Gross margins were below expectations due to both the shift in mix to
include music and video products (about half of the 1.6% decrease) and holiday
promotions that were used as customer acquisition devices. The gross margin
was 21.1%, which was slightly below our 22.5% estimate. Management stated that
this downward variance resulted from: (i) stronger sales of music and videos
that have lower margins, (ii) aggressive pricing in certain merchandise (DVD
and the gift center) to drive growth, (iii) giving holiday customers 'free'
shipping upgrades to ensure merchandise arrived before Christmas. As management
has stated in the past, gross margins may fluctuate +/- 100 basis points based
on the ramp of new merchandise categories that may have lower margins than
books.

Operating expenses were slightly above our estimates. Operating
expenses of $71.3 million were 4% above our $68.6 million estimate, driven by
variances in sales & marketing (+$1.5 million) and product development (+$1.1
million). These upward variances resulted as Amazon: (i) promoted the Amazon
brand through both traditional and online media; (ii) launched the video store
and expanded gift center; (iii) expanded distribution into international
markets; and (iv) added a new distribution center.

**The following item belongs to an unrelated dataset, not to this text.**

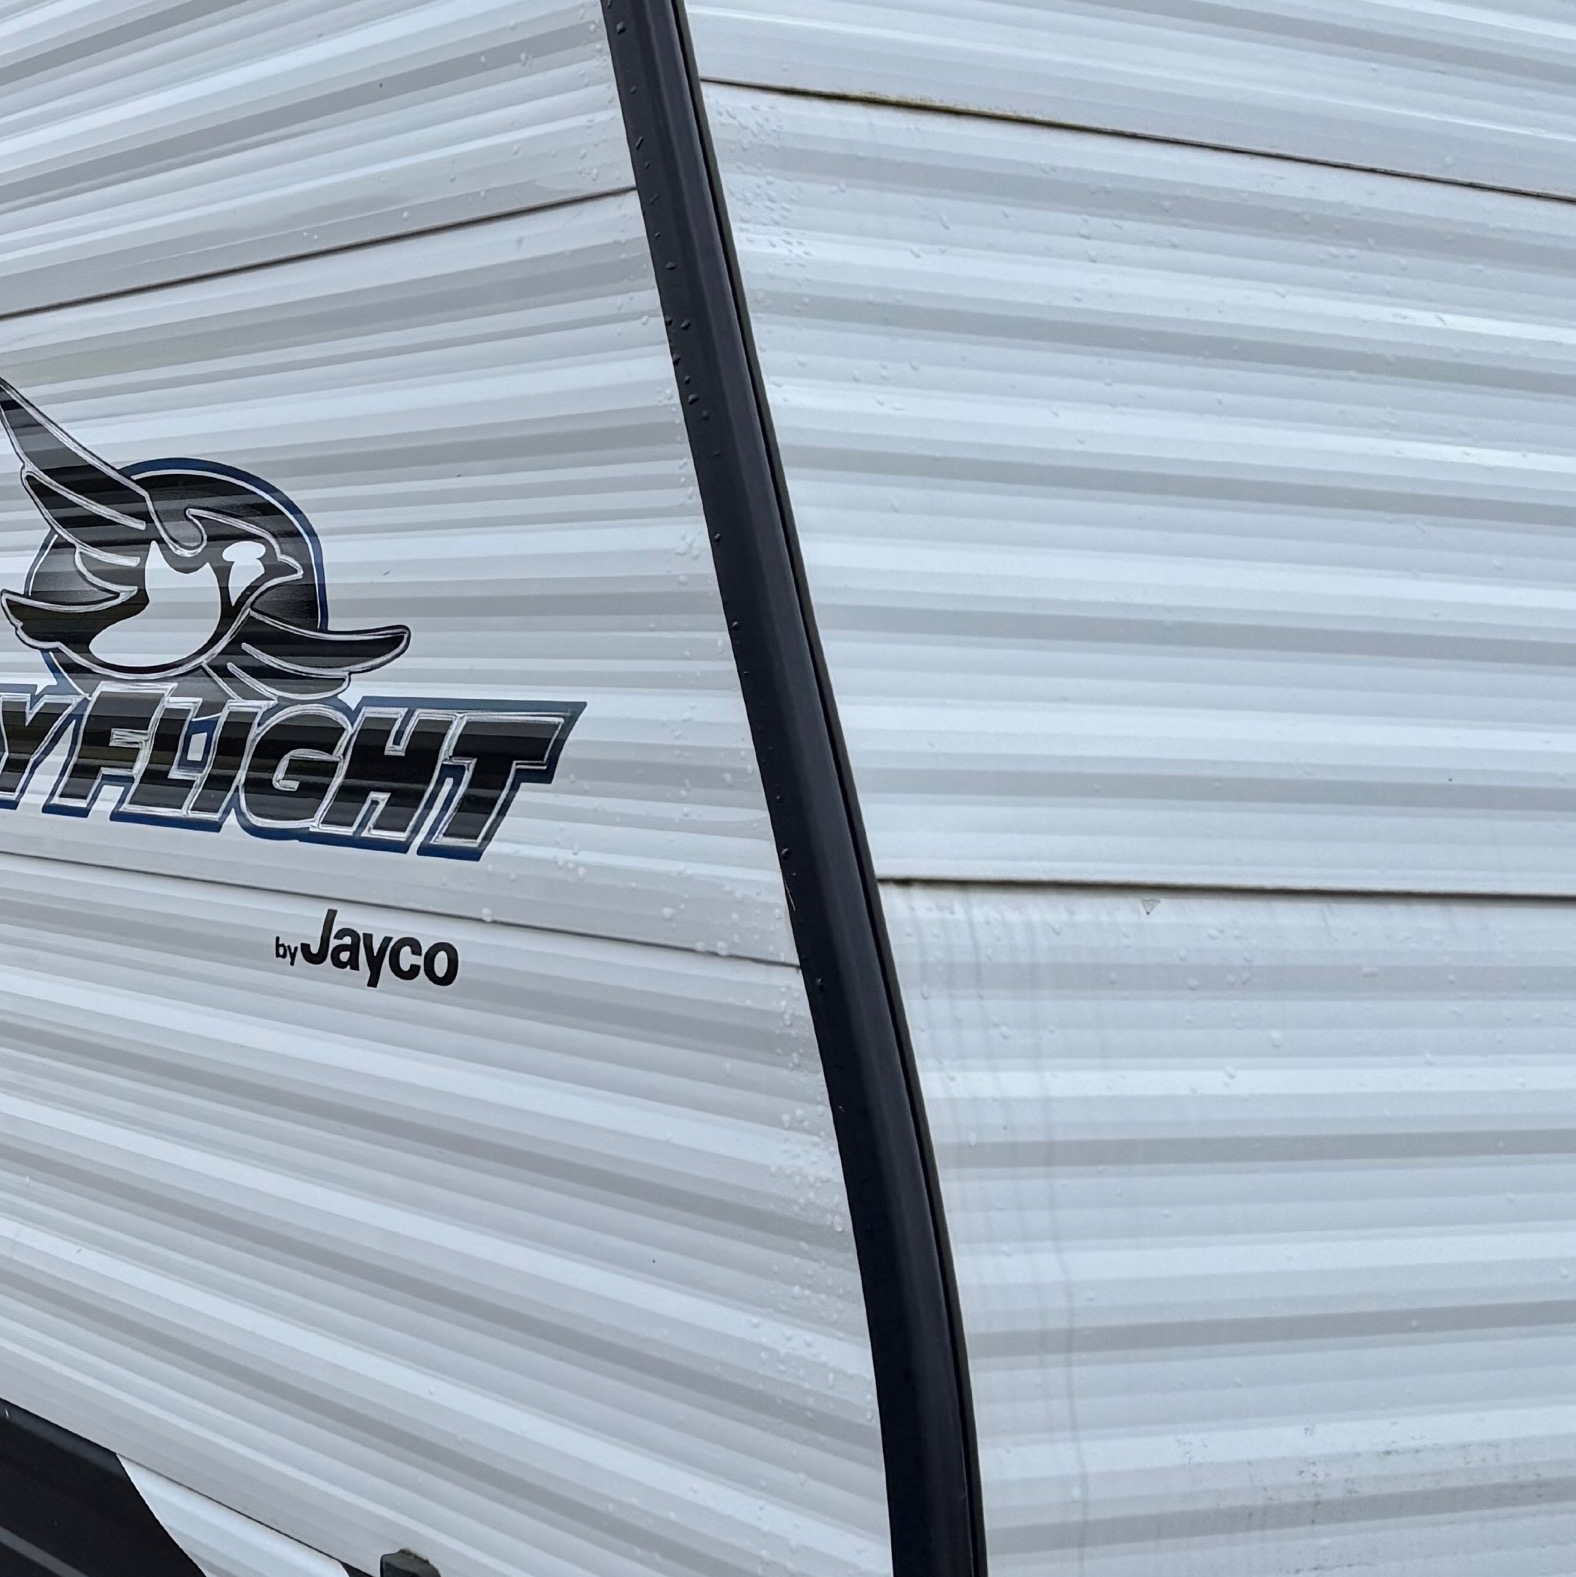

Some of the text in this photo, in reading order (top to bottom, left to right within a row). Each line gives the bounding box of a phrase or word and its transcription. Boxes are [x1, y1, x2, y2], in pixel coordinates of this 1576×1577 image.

Headcount increased by over
500 sequentially to 2,100 (up from 1,600 in 3Q98) to support the developmental
activities, the international expansion and an expansion of the distribution
facilities to handle new merchandise and higher shipping volumes.

Other miscellaneous expenses. Merger-related amortization of
intangibles/goodwill was $24.2 million, which was slightly above our $22.0
million estimate. These costs relate to the amortization of the five
acquisitions completed in 3Q (Bookpages, Telebook, Internet Movie Database,
PlanetAll and Junglee). Net interest expense of $4.4 million was slightly above
our $4.0 million estimate.
Summary of Changes to Our 1999 Model

1999 model changes. We have increased revenues by $358.5 million (plus
38%) and operating expenses by $114.7 million. The allocation of our operating
expense increases was: marketing & sales +$42.8 million and product development
+$71.9 million. We have also increased our interest expense assumption from
$19.0 million to $28.4 million. These changes result in a $0.30 increase to our
operating per-share loss estimate to $0.92. Our reported loss estimate
increases by $0.29 to $1.49.

1999

New Old

Gross Sales $1,296,730 $938,266 38%

Gross Profit 289,056 214,742 35%

Gross Margin 22.3% 22.9% -3%

Expenses:

Marketing and 242,800 200,000 21%
sales
Product 139,500 67,650 106%
Development
General & 24,200 24,200 0%
Administrative
Operating Inc. ($117,444) ($77,108) NM
(Loss): ADJ.
Net Income (Loss): ($145,844) ($96,108) NM
ADJ
EPS: ADJUSTED ($0.92) ($0.62) NM

Shares Outstanding 158,750 155,350 2%

Adjusted numbers exclude merger and acquisition-
related costs of $90.0 million.

Update on the WalMart Law Suit: WalMart had originally filed suit
against Amazon, Drugstore.Com and Kleiner Perkins in both the Arkansas and
Washington State courts. The case was dismissed in Arkansas on grounds that
the state had no jurisdiction over certain individuals named in the suit, nor
DrugStore.com.

Amazon.com is the leading online retailer of books, offering over 2.5
million titles plus CDs, videotapes and audiotapes. Amazon.com offers
customers value through aggregating the largest selection of books at
competitive prices, with an easy to use search function that enables customers
to quickly find and order books through a seamless interface.